Exact copy, no pictures: output each line below as it stands.

══ Data supplied

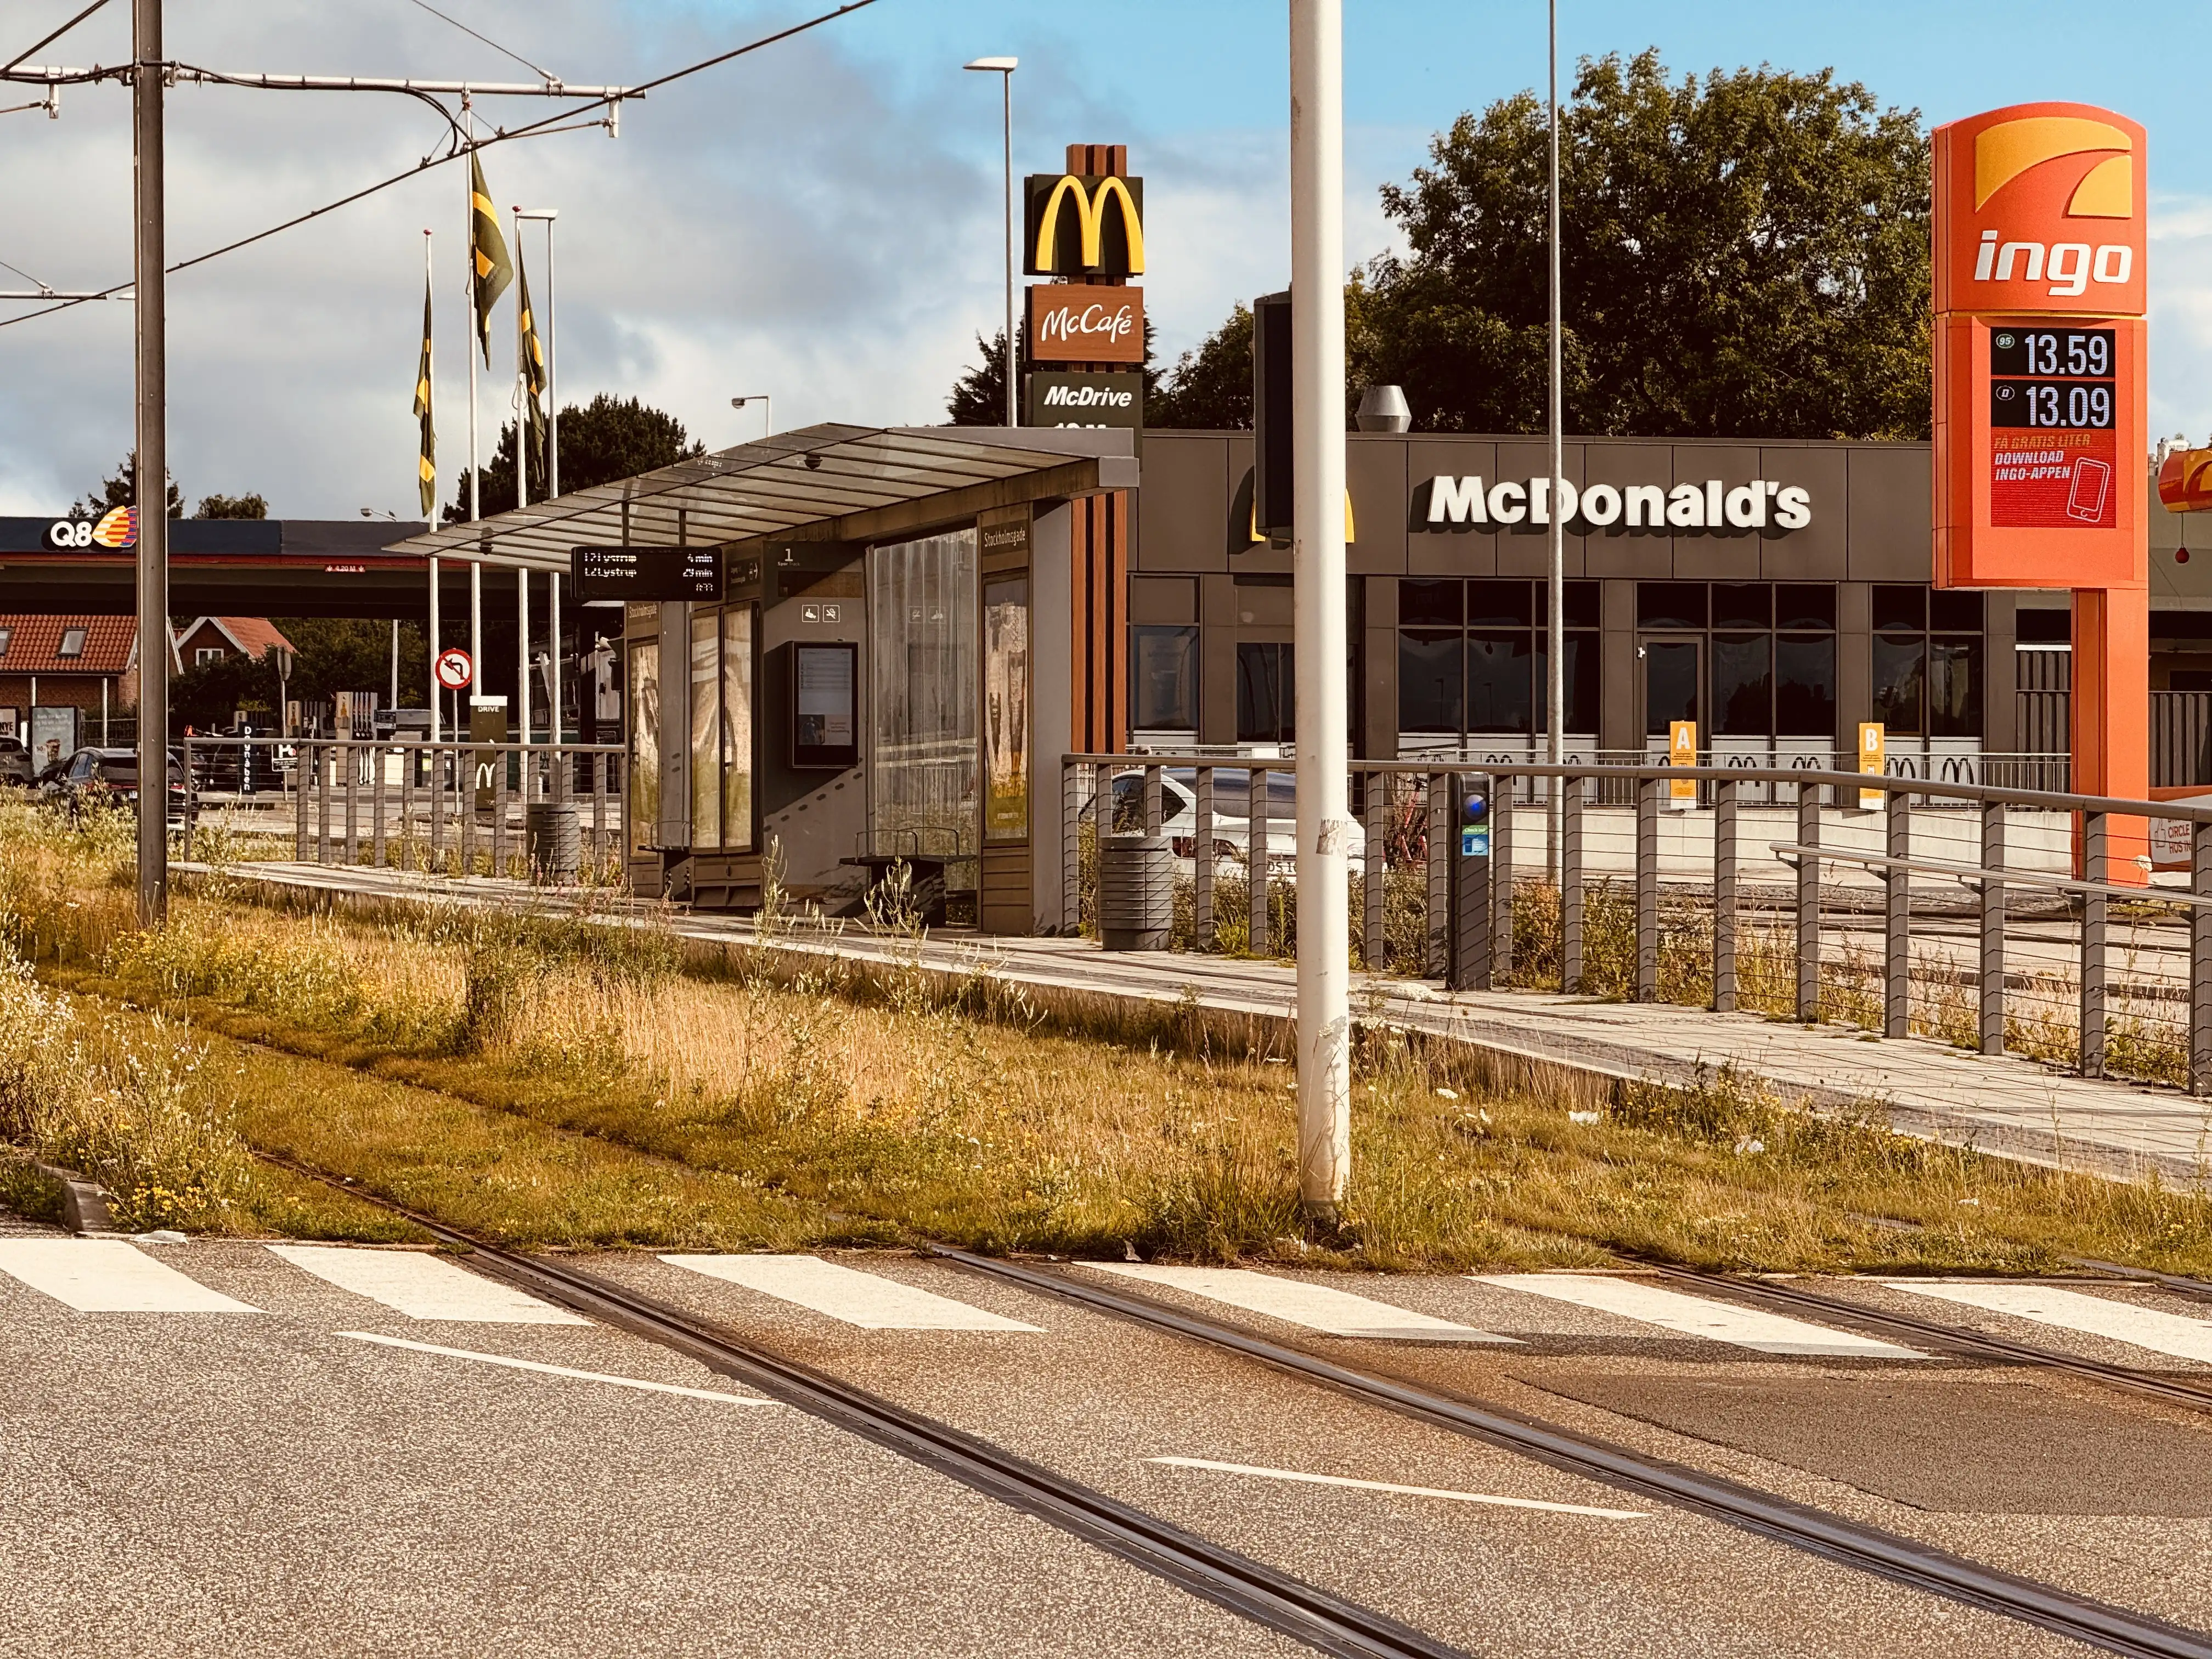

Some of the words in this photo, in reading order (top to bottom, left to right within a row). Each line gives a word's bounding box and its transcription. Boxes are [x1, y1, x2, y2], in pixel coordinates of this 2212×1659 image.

[1974, 230, 2132, 296] ingo
[1041, 304, 1133, 343] McCafé
[1999, 337, 2011, 345] 95
[2024, 334, 2108, 375] 13.59
[1043, 386, 1132, 407] McDrive
[2026, 386, 2109, 427] 13.09
[2011, 436, 2056, 449] GRATIS
[2058, 434, 2091, 448] LITER
[1994, 450, 2064, 465] DOWNLOAD
[1995, 466, 2071, 481] INGO-APPEN
[1426, 475, 1812, 529] McDonald's
[50, 521, 92, 548] Q8
[984, 527, 1026, 548] Stockholmsgade
[695, 554, 713, 562] min
[785, 548, 793, 562] 1
[598, 567, 637, 578] Lystrup
[695, 569, 713, 577] min
[1676, 727, 1691, 749] A
[1865, 729, 1878, 751] B
[2168, 824, 2191, 838] CIRCLE
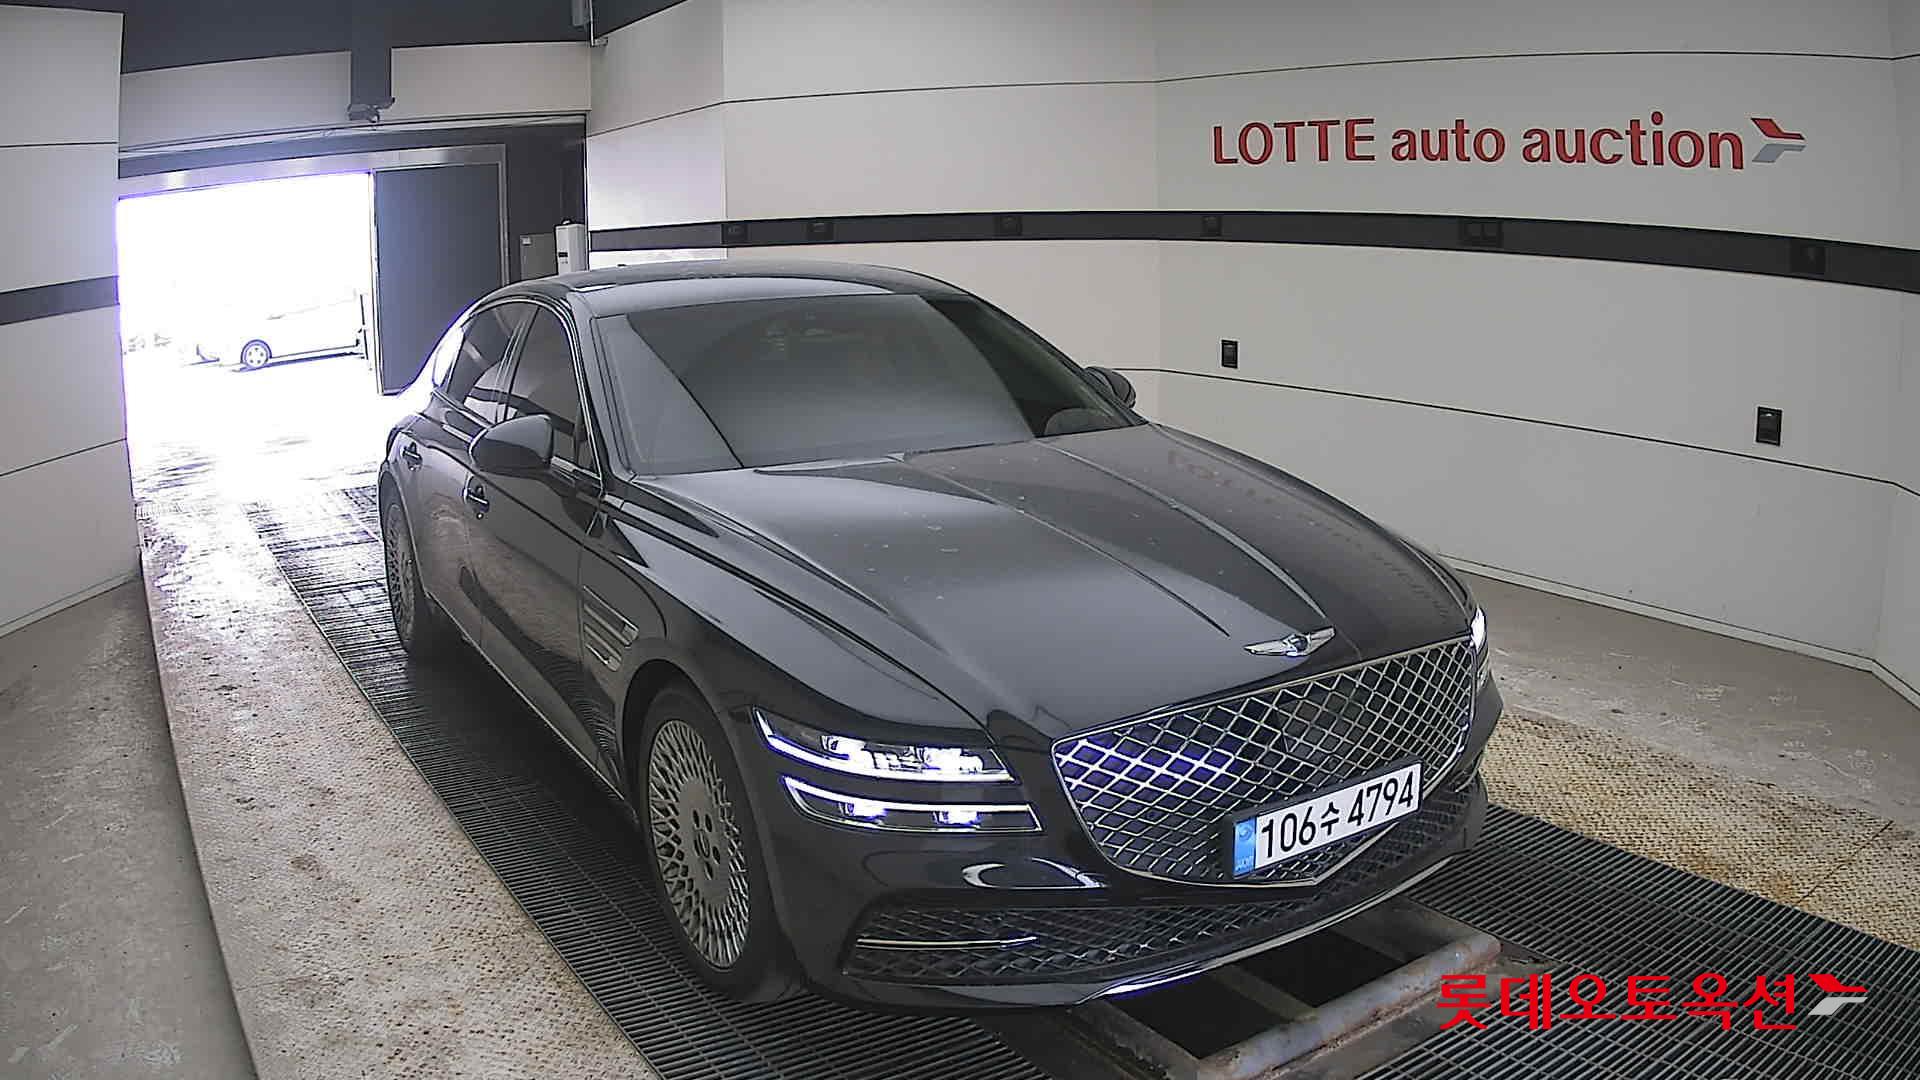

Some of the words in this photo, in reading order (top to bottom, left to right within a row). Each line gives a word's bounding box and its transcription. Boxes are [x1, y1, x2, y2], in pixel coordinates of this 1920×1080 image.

[1213, 118, 1376, 165] LOTTE
[1391, 118, 1506, 163] auto
[1521, 111, 1744, 170] auction
[1261, 802, 1340, 858] 106수
[1348, 771, 1414, 826] 4794
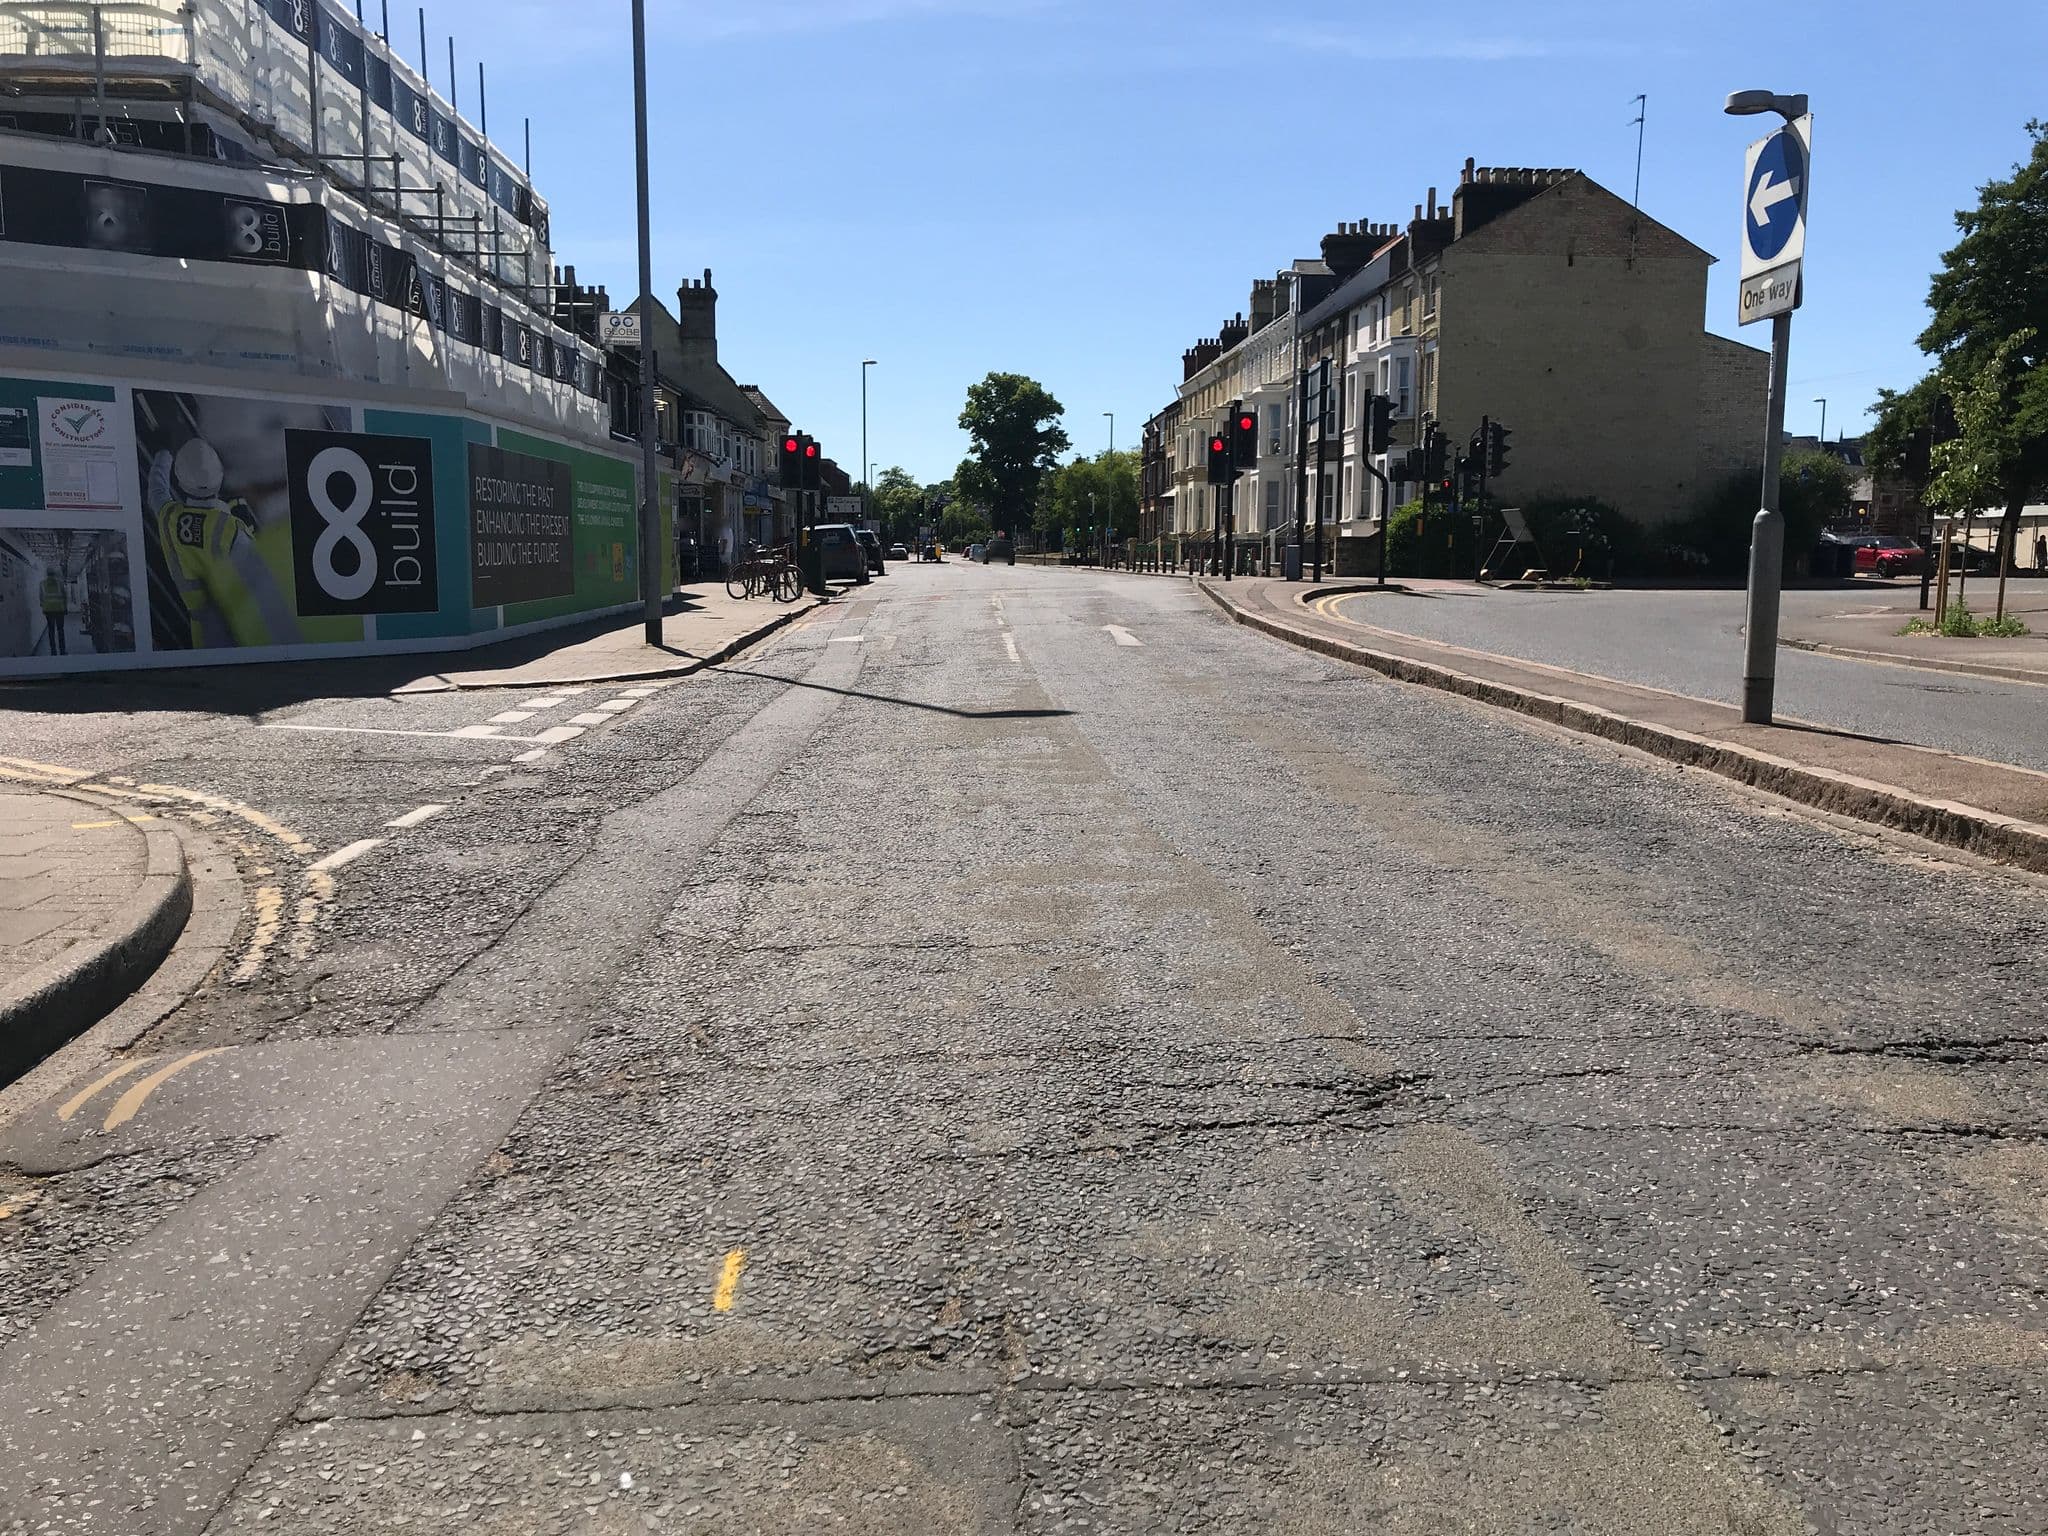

════

Result of the task
Some of the words in this photo, in reading order (top to bottom, left to right within a row). Each line gives a word's bounding box and its transcription. Boxes are [x1, y1, x2, y2], in pixel coordinates of this 2212×1659 image.

[1974, 230, 2132, 296] ingo
[1041, 304, 1133, 343] McCafé
[1999, 337, 2011, 345] 95
[2024, 334, 2108, 375] 13.59
[1043, 386, 1132, 407] McDrive
[2026, 386, 2109, 427] 13.09
[2011, 436, 2056, 449] GRATIS
[2058, 434, 2091, 448] LITER
[1994, 450, 2064, 465] DOWNLOAD
[1995, 466, 2071, 481] INGO-APPEN
[1426, 475, 1812, 529] McDonald's
[50, 521, 92, 548] Q8
[984, 527, 1026, 548] Stockholmsgade
[695, 554, 713, 562] min
[785, 548, 793, 562] 1
[598, 567, 637, 578] Lystrup
[695, 569, 713, 577] min
[1676, 727, 1691, 749] A
[1865, 729, 1878, 751] B
[2168, 824, 2191, 838] CIRCLE

Some of the words in this photo, in reading order (top to bottom, left to right within a row). Each line gives a word's bounding box and its transcription. Boxes are [x1, y1, x2, y2], in pixel coordinates of this 1920×1080 image.

[1213, 118, 1376, 165] LOTTE
[1391, 118, 1506, 163] auto
[1521, 111, 1744, 170] auction
[1261, 802, 1340, 858] 106수
[1348, 771, 1414, 826] 4794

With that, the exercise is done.